Informal Statistical Physics Seminar

Date
Tue, Apr 4, 2017 1:15 pm - 2:15 pm
Location
IPST Conference Room 1116

Description

Speaker Name: Professor Chris Jarzynski

Speaker Institution: UMCP

Title: Connecting Thermodynamics to Statistical Mechanics in the Strong System-environment Coupling Regime

Abstract: Stochastic thermodynamics describes how the first and second laws of thermodynamics "scale down" to microscopic systems of interest. In this field, and in textbook discussions, it is customary to use the canonical ensemble to represent the equilibrium state of a system that is in contact with a thermal reservoir. Familiar macroscopic relations between internal energy, entropy, free energy, heat and work are easily derived from the canonical distribution. It is known, however, that the canonical ensemble does not accurately describe a nanoscale system that is strongly coupled to its surroundings, such as a biomolecule in aqueous solution. The usual connection between thermodynamics and statistical mechanics cannot easily be invoked in this situation.
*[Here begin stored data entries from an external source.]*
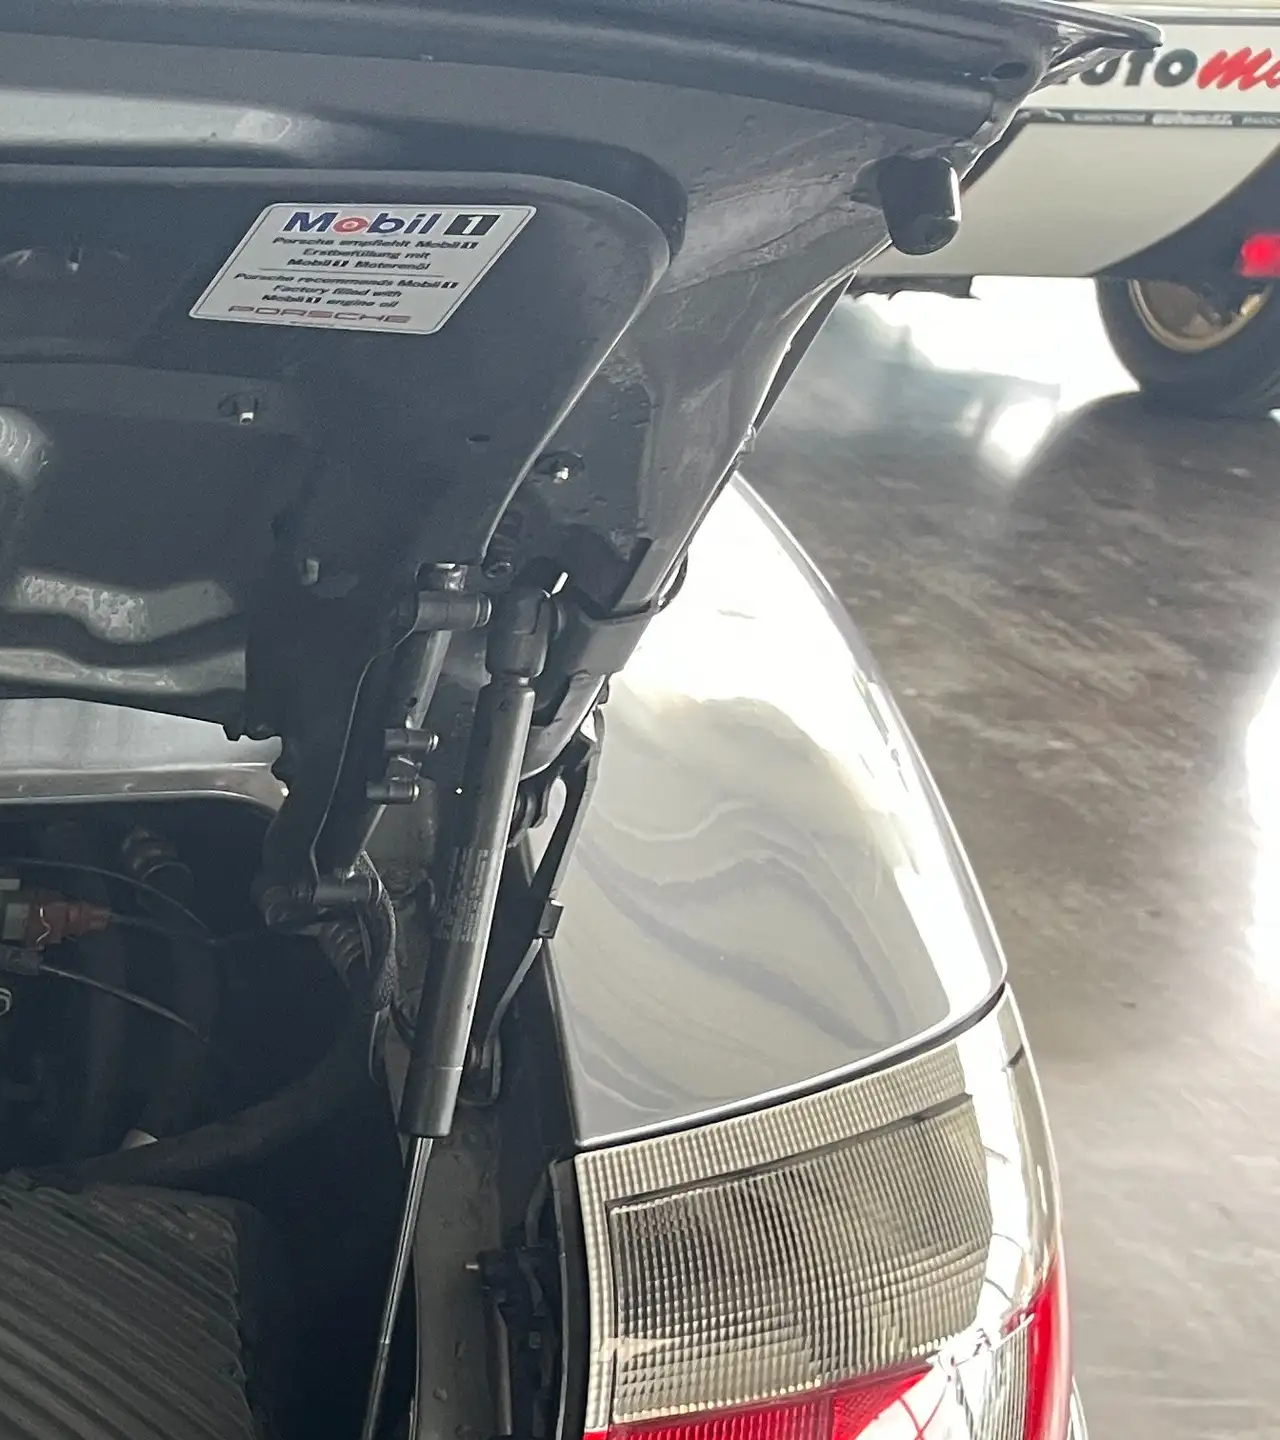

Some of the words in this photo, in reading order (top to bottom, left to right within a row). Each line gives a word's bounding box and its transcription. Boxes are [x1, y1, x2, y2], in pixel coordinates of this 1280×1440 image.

[282, 211, 442, 235] Mobil
[272, 236, 334, 247] Porsche
[339, 238, 411, 249] empfiehlt
[415, 239, 460, 250] Mobil
[302, 247, 401, 260] Erstbefüllung
[404, 251, 430, 260] mit
[287, 257, 331, 267] Mobil
[354, 259, 431, 271] Motorenöl
[233, 272, 295, 283] Porsche
[298, 276, 392, 288] recommends
[396, 278, 441, 289] Mobil
[272, 284, 329, 296] Factory
[332, 287, 369, 297] filled
[372, 288, 402, 298] with
[261, 293, 305, 304] Mobil
[326, 298, 376, 309] engine
[379, 299, 399, 309] oil
[227, 305, 413, 324] PORSCHE
I will discuss a modified thermodynamic framework that describes a classical system of interest of arbitrary size that is strongly coupled to its thermal environment. Seven key thermodynamic quantities - internal energy, entropy, volume, enthalpy, Gibbs free energy, heat, and work - are defined microscopically within this framework. These quantities obey thermodynamic relations including both the first and second law, and they satisfy nonequilibrium fluctuation theorems. Additionally, these key quantities scale up to their macroscopic values when the system of interest is large. Thus a unifying framework is developed, which encompasses microscopic, stochastic thermodynamics at one end, and traditional macroscopic thermodynamics at the other. A central element in this approach is a thermodynamic definition of the volume of the system of interest, which converges to the usual geometric definition when the system is large.